Task >> This task calls for every entry below to be repeated exactly, without the pictures.

Input data >>
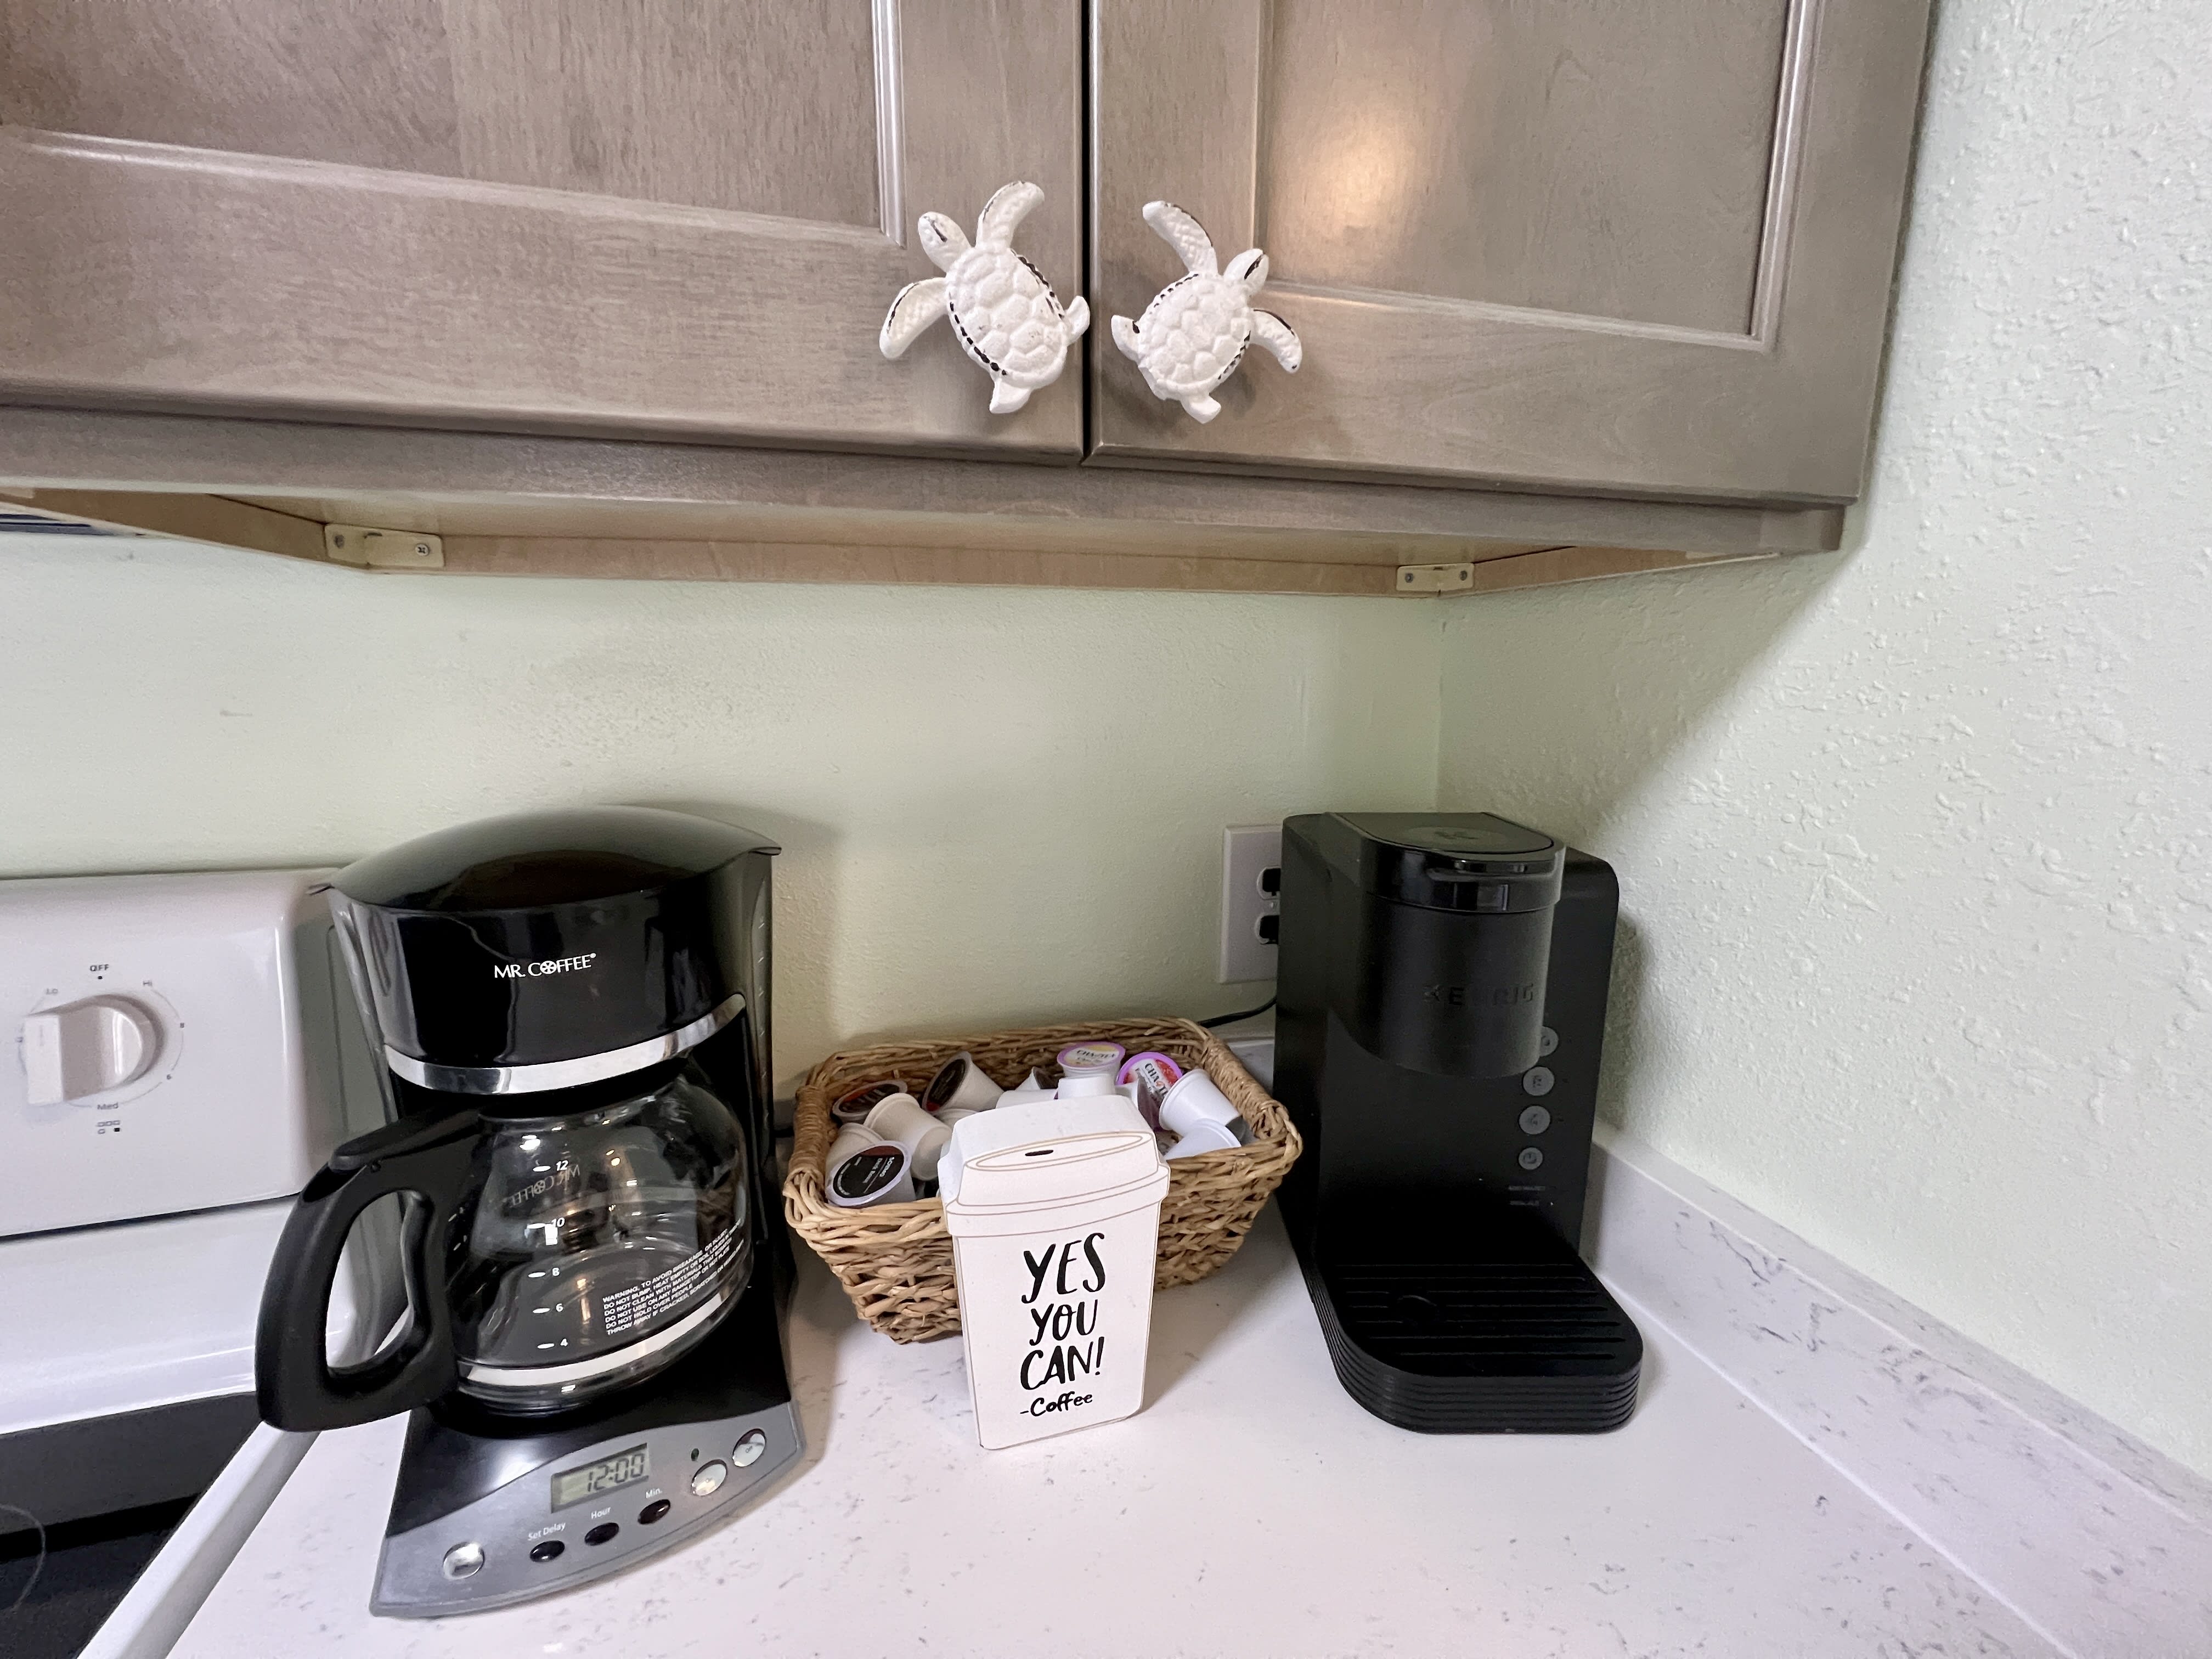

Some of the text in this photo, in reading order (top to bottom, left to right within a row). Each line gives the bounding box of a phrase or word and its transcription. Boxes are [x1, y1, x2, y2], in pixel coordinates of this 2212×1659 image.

[89, 964, 110, 972] OFF
[494, 964, 526, 978] MR.
[556, 1160, 568, 1171] 12
[551, 1217, 565, 1228] 10
[552, 1267, 560, 1277] 8
[652, 1270, 672, 1284] AVOID
[705, 1243, 712, 1251] OR
[1021, 1232, 1105, 1304] YES
[616, 1296, 630, 1305] NOT
[653, 1278, 669, 1290] HEAT
[690, 1260, 698, 1268] OR
[556, 1303, 563, 1312] 6
[617, 1302, 631, 1312] NOT
[632, 1292, 654, 1306] CLEAN
[656, 1283, 672, 1295] WITH
[617, 1308, 632, 1318] NOT
[633, 1302, 647, 1312] USE
[648, 1297, 658, 1305] ON
[658, 1290, 671, 1300] ANY
[606, 1321, 617, 1329] DO
[618, 1315, 633, 1324] NOT
[634, 1307, 652, 1318] HOLD
[653, 1297, 670, 1309] OVER
[1029, 1299, 1098, 1346] YOU
[607, 1322, 633, 1335] THROW
[634, 1313, 651, 1325] AWAY
[560, 1338, 568, 1346] 4
[1020, 1336, 1105, 1390] CAN!
[588, 1453, 645, 1492] 12:00
[645, 1488, 663, 1498] Min.
[591, 1507, 611, 1519] Hour
[527, 1522, 566, 1541] Set Delay

Solution for this problem >>
Some of the text in this photo, in reading order (top to bottom, left to right within a row). Each line gives the bounding box of a phrase or word and its transcription. Boxes are [x1, y1, x2, y2], in pixel coordinates of this 2212×1659 image.

[89, 964, 110, 972] OFF
[494, 964, 526, 978] MR.
[556, 1160, 568, 1171] 12
[551, 1217, 565, 1228] 10
[552, 1267, 560, 1277] 8
[652, 1270, 672, 1284] AVOID
[705, 1243, 712, 1251] OR
[1021, 1232, 1105, 1304] YES
[616, 1296, 630, 1305] NOT
[653, 1278, 669, 1290] HEAT
[690, 1260, 698, 1268] OR
[556, 1303, 563, 1312] 6
[617, 1302, 631, 1312] NOT
[632, 1292, 654, 1306] CLEAN
[656, 1283, 672, 1295] WITH
[617, 1308, 632, 1318] NOT
[633, 1302, 647, 1312] USE
[648, 1297, 658, 1305] ON
[658, 1290, 671, 1300] ANY
[606, 1321, 617, 1329] DO
[618, 1315, 633, 1324] NOT
[634, 1307, 652, 1318] HOLD
[653, 1297, 670, 1309] OVER
[1029, 1299, 1098, 1346] YOU
[607, 1322, 633, 1335] THROW
[634, 1313, 651, 1325] AWAY
[560, 1338, 568, 1346] 4
[1020, 1336, 1105, 1390] CAN!
[588, 1453, 645, 1492] 12:00
[645, 1488, 663, 1498] Min.
[591, 1507, 611, 1519] Hour
[527, 1522, 566, 1541] Set Delay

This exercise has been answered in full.